Less scintillating this material could not possibly be. However, having listed all my complaints, I’d now like to shift gears and tell you several things I liked quite a bit about the book; taken together I guess they add up to a yes on the question of whether a new Frost biography is useful. First of all, Parini’s prose is supple and intelligent, which is more than you can say for the prose in 9 out of 10 biographies. Second, I have to admit that at times I was charmed by his allergy to gossip, if only because it meant a welcome break from the knock-’em-off-the-pedestal insinuations we’ve all grown used to.
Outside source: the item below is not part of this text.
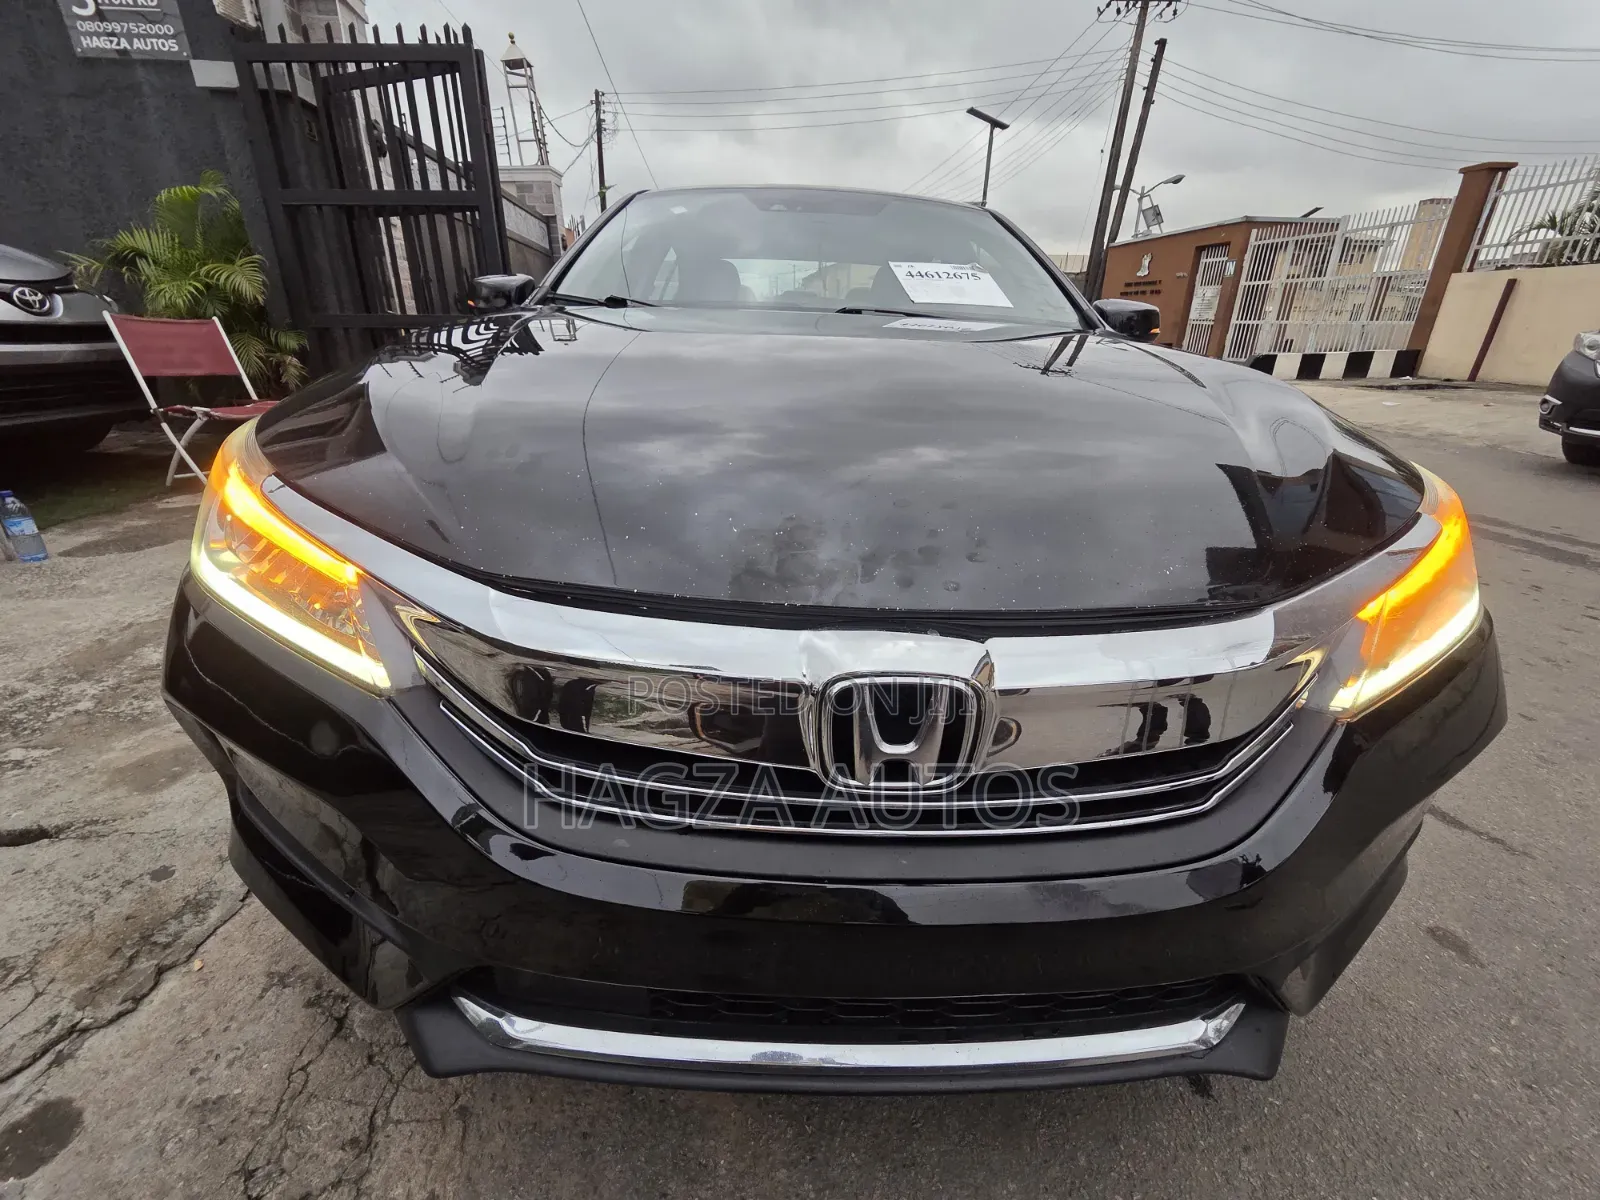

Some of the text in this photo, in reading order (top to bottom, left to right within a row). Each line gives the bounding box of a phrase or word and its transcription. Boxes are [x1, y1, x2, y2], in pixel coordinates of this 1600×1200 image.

[76, 20, 175, 35] 08099752000
[80, 36, 179, 51] HAGZA AUTOS
[905, 270, 981, 280] 44612675
Most of all, I felt Parini was pretty strong on the themes in Frost’s career. He vividly captures the way in which Frost wrote to keep hideous depression at bay; the poet’s melancholy side may not excuse his piggy side, but the hard-fought victory Frost won against the melancholy does seem like a good thing, an admirable thing, and, yes, even a moral thing. You point out that Frost basically invented the role of academic poet. I too found it fascinating that this preacher against conformity essentially started the creative-writing-workshop ball rolling, and I thought Parini was insightful about, and sometimes even critical of, Frost the entrepreneur. I liked the emphasis on Frost’s amazingly sensitive ear–even though he apparently couldn’t have cared less about music. (Nabokov was the same way. I’ll never understand why it is that writers with the finest-tuned ears on the planet are often the deafest when it comes to song.) I also enjoyed Parini’s take on Frost’s spiky-Zen philosophy–the way he had in life and in poetry of asserting something, retracting it, asserting the opposite and then retracting that, so that the assertions canceled each other out and all you were left with was nothing.
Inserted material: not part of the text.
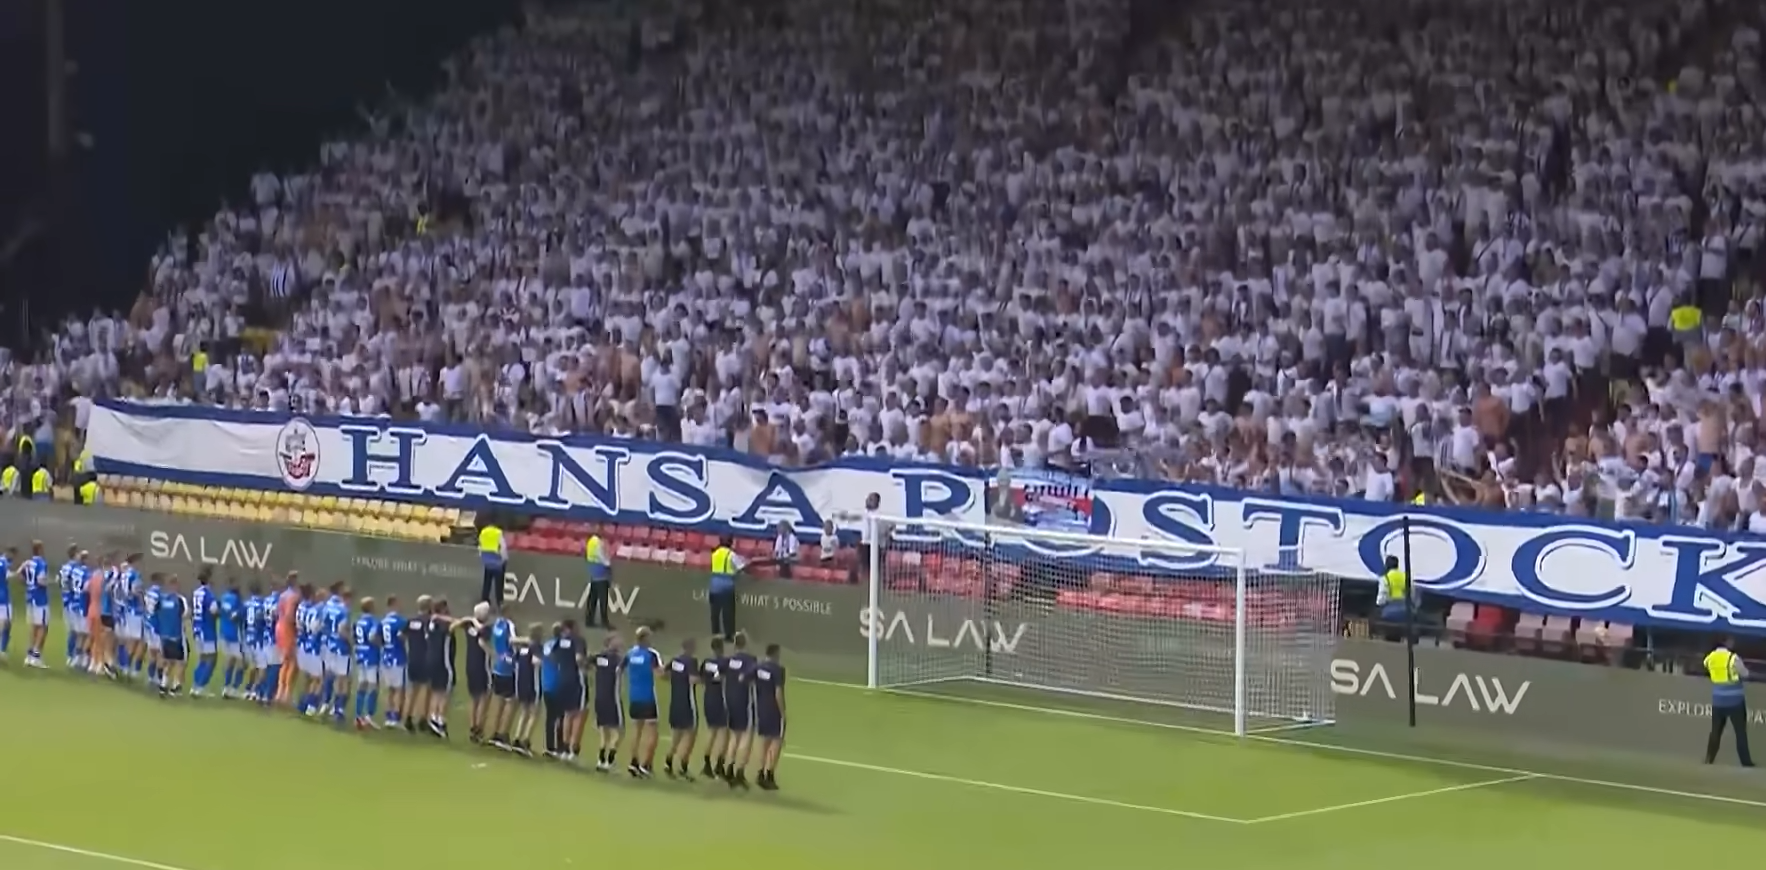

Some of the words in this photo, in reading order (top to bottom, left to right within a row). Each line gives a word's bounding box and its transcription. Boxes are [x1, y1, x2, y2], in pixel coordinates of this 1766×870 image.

I guess what I’m saying is: Why not a new biography? John Updike makes some good points in his criticism of Parini, but we should remember that he’s writing from the point of view of an older man, and a man whose canny mastery of the whole literary-institution gig exceeds that of just about any American writer this century–any writer that is, except for Frost. Updike knows Frost up and down and inside-out, and you get the sense he’s had enough for a lifetime. For the rest of us–well, I wouldn’t argue that Parini’s book is great, essential reading, but I do think it giveth more than it taketh away.

I’d love to take up more of your points and questions–and of course, the great poems–but the deadline calls. Let me just add that I know what you mean about half the fun in a biography coming from odd intersections, and surprising walk-ons by the famous. My favorite guest appearance was by T. S. Eliot, whom Frost couldn’t stand as a young man. Eliot shows up every hundred or so pages in the Parini. I was moved by the gradual fading–so slow over the decades as to be imperceptible–of his once-fierce rivalry with Frost. It’s nice to know that the people one envies and resents in one’s youth can stick around and become allies in old age, consoling us as we lose our hearing, protecting us when we lose our marbles.